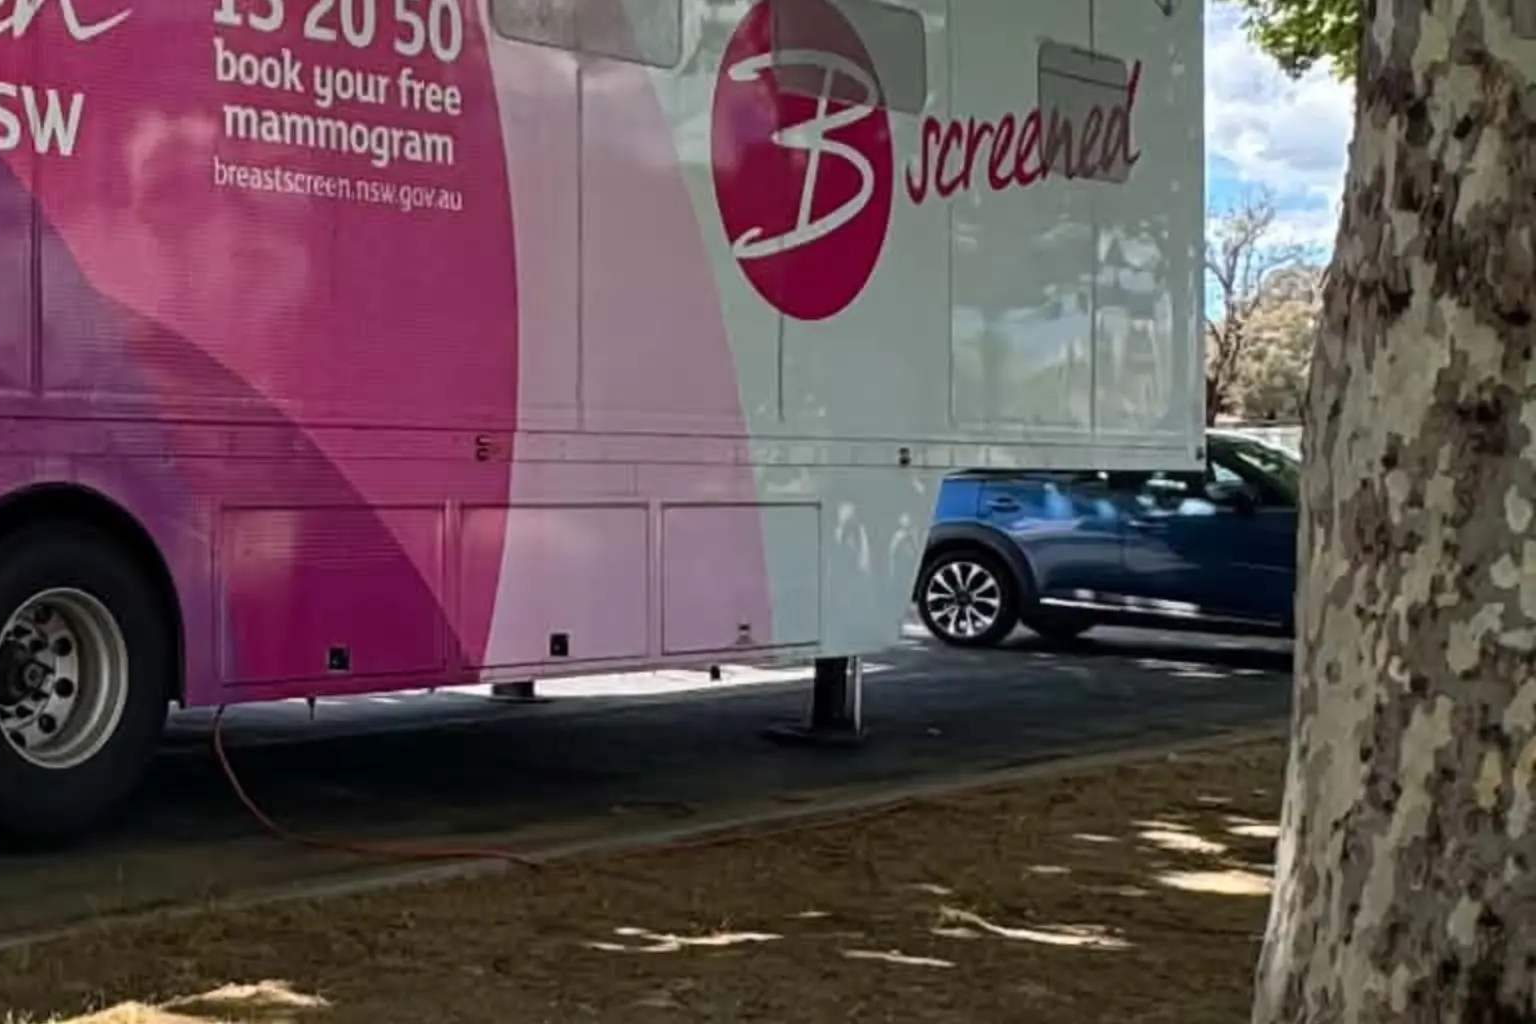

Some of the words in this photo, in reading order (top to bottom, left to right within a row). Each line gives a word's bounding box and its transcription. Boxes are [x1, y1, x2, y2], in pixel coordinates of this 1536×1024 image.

[213, 37, 303, 92] book
[314, 66, 390, 107] your
[399, 68, 461, 114] free
[223, 104, 453, 167] mammogram
[905, 60, 1141, 203] screened
[213, 157, 463, 211] breastscreen.nsw.gov.au
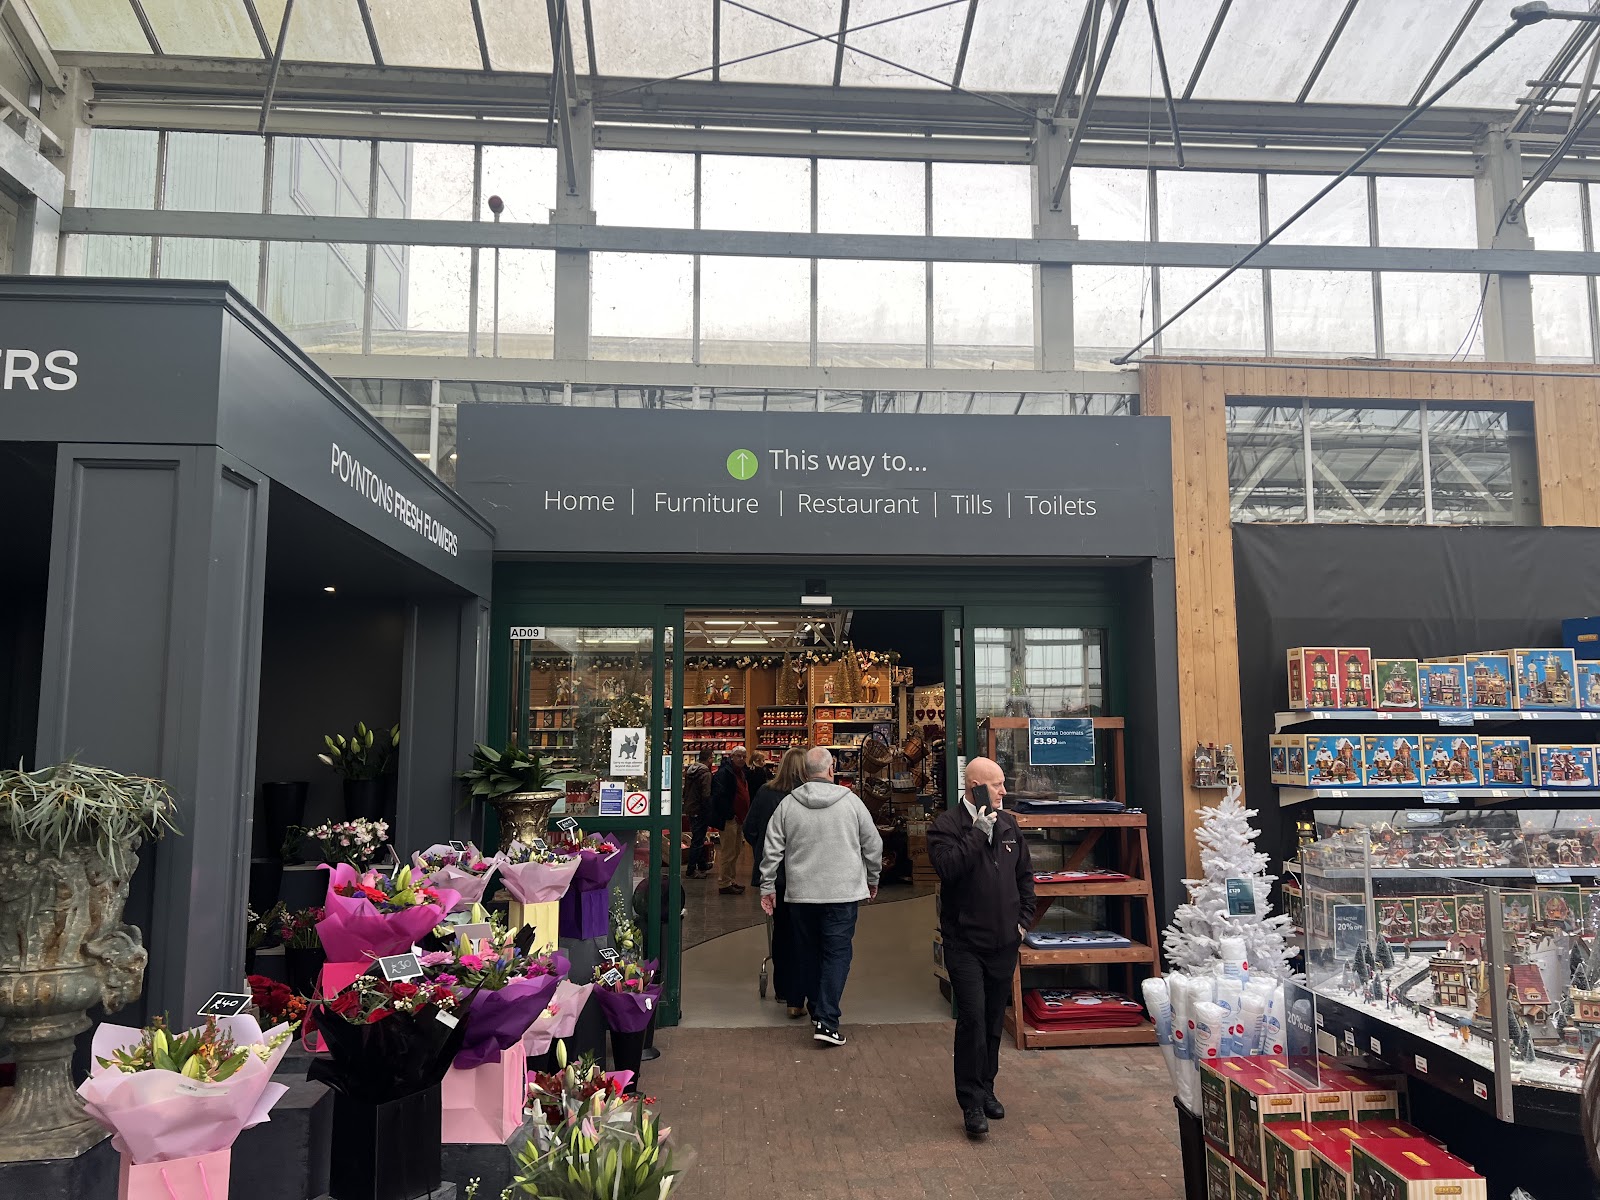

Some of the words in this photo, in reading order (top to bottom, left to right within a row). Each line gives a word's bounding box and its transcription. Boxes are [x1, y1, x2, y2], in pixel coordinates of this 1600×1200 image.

[0, 348, 78, 391] RS
[768, 448, 819, 471] This
[826, 455, 876, 477] way
[881, 452, 927, 472] to...
[330, 442, 394, 514] POYNTONS
[394, 491, 423, 535] FRESH
[423, 512, 458, 557] FLOWERS
[545, 490, 615, 511] Home
[655, 492, 759, 514] Furniture
[798, 493, 920, 514] Restaurant
[950, 494, 993, 515] Tills
[1024, 494, 1097, 516] Toilets
[511, 628, 540, 638] AD09
[1033, 737, 1058, 745] £3.99
[1337, 923, 1353, 931] 20%
[210, 997, 239, 1010] £40
[1287, 1010, 1304, 1031] 20%
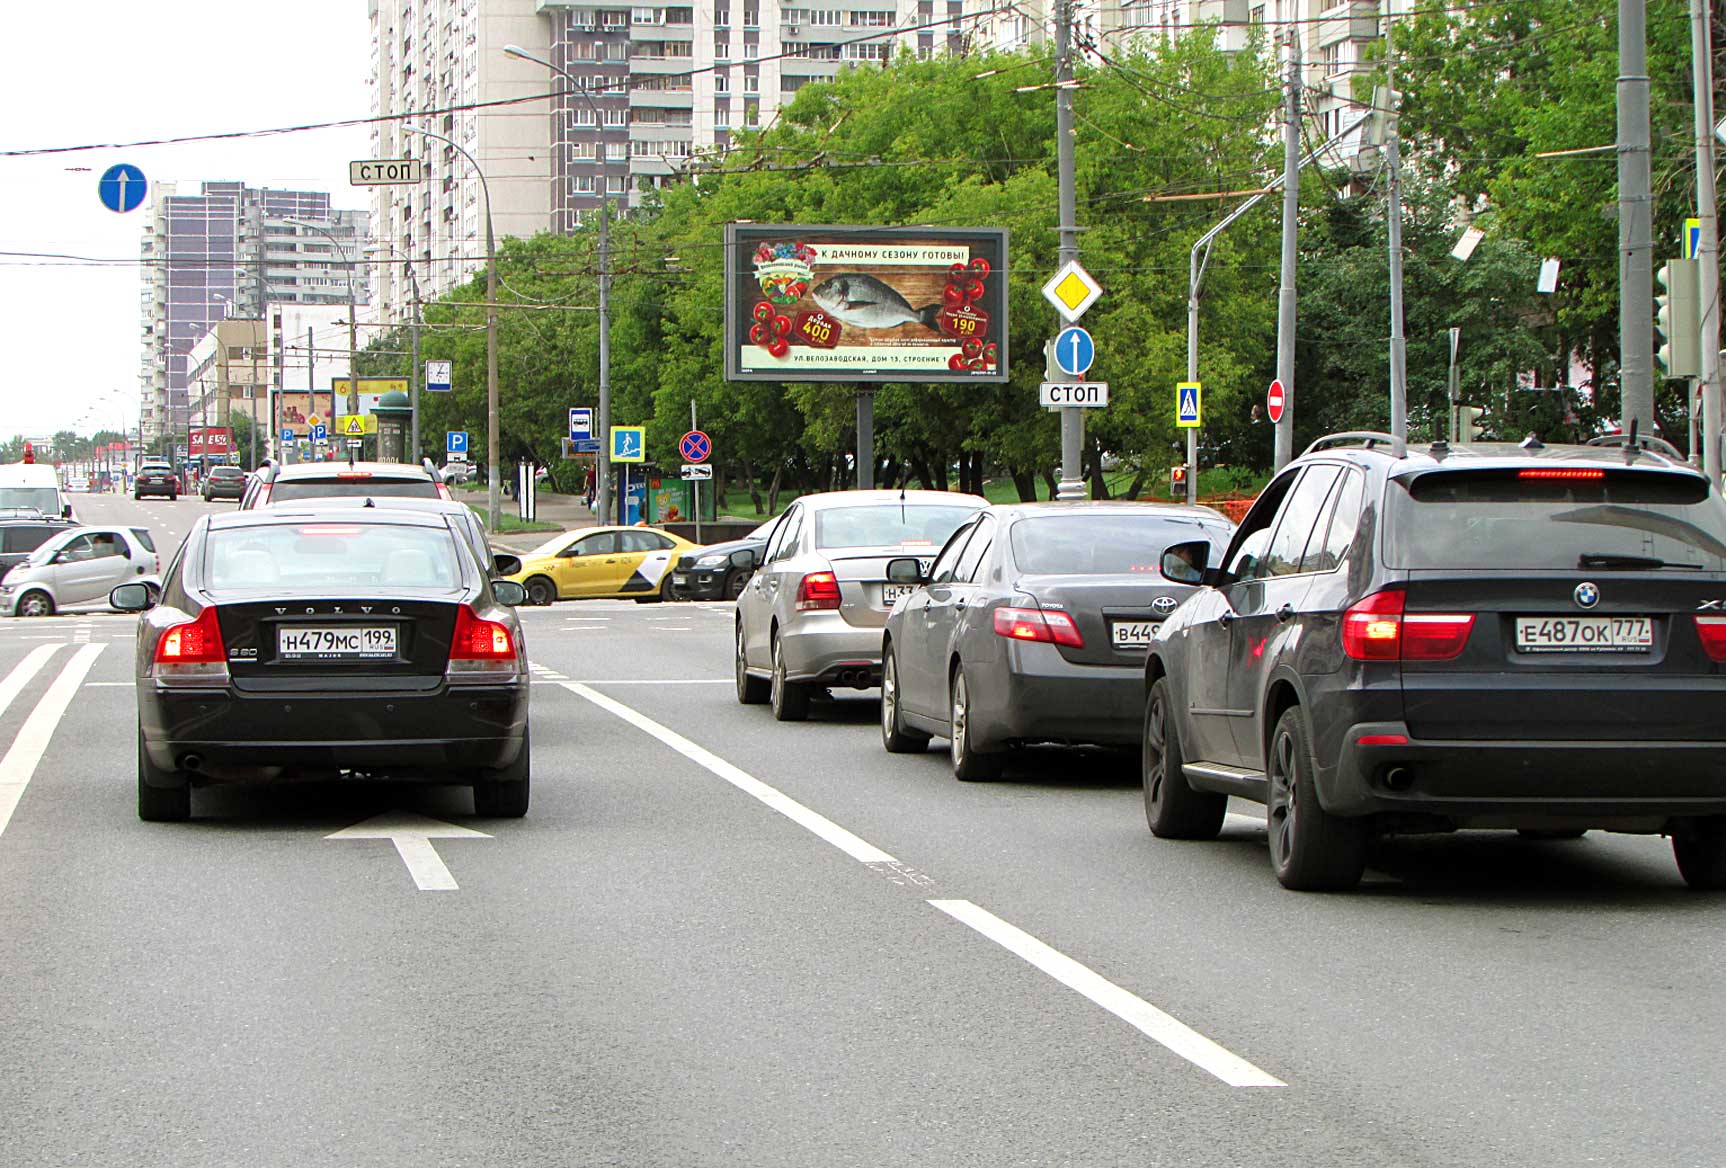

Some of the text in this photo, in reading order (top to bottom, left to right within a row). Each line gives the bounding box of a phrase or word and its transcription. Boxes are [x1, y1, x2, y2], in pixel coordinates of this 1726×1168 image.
- - - - -
In the records above, transcribe exactly the lines from the one containing "this 1600×1200 image." through the last line, both included, and skip the pictures.

### SOLUTION TO THIS TASK
Some of the words in this photo, in reading order (top to bottom, left to right within a row). Each line gives a word's bounding box and its transcription. Boxes are [x1, y1, x2, y2], in pixel coordinates of this 1600×1200 image.

[0, 348, 78, 391] RS
[768, 448, 819, 471] This
[826, 455, 876, 477] way
[881, 452, 927, 472] to...
[330, 442, 394, 514] POYNTONS
[394, 491, 423, 535] FRESH
[423, 512, 458, 557] FLOWERS
[545, 490, 615, 511] Home
[655, 492, 759, 514] Furniture
[798, 493, 920, 514] Restaurant
[950, 494, 993, 515] Tills
[1024, 494, 1097, 516] Toilets
[511, 628, 540, 638] AD09
[1033, 737, 1058, 745] £3.99
[1337, 923, 1353, 931] 20%
[210, 997, 239, 1010] £40
[1287, 1010, 1304, 1031] 20%

Some of the text in this photo, in reading order (top to bottom, left to right within a row). Each line gives the bounding box of a phrase or word and its transcription. Boxes are [x1, y1, x2, y2], in pixel coordinates of this 1726×1168 image.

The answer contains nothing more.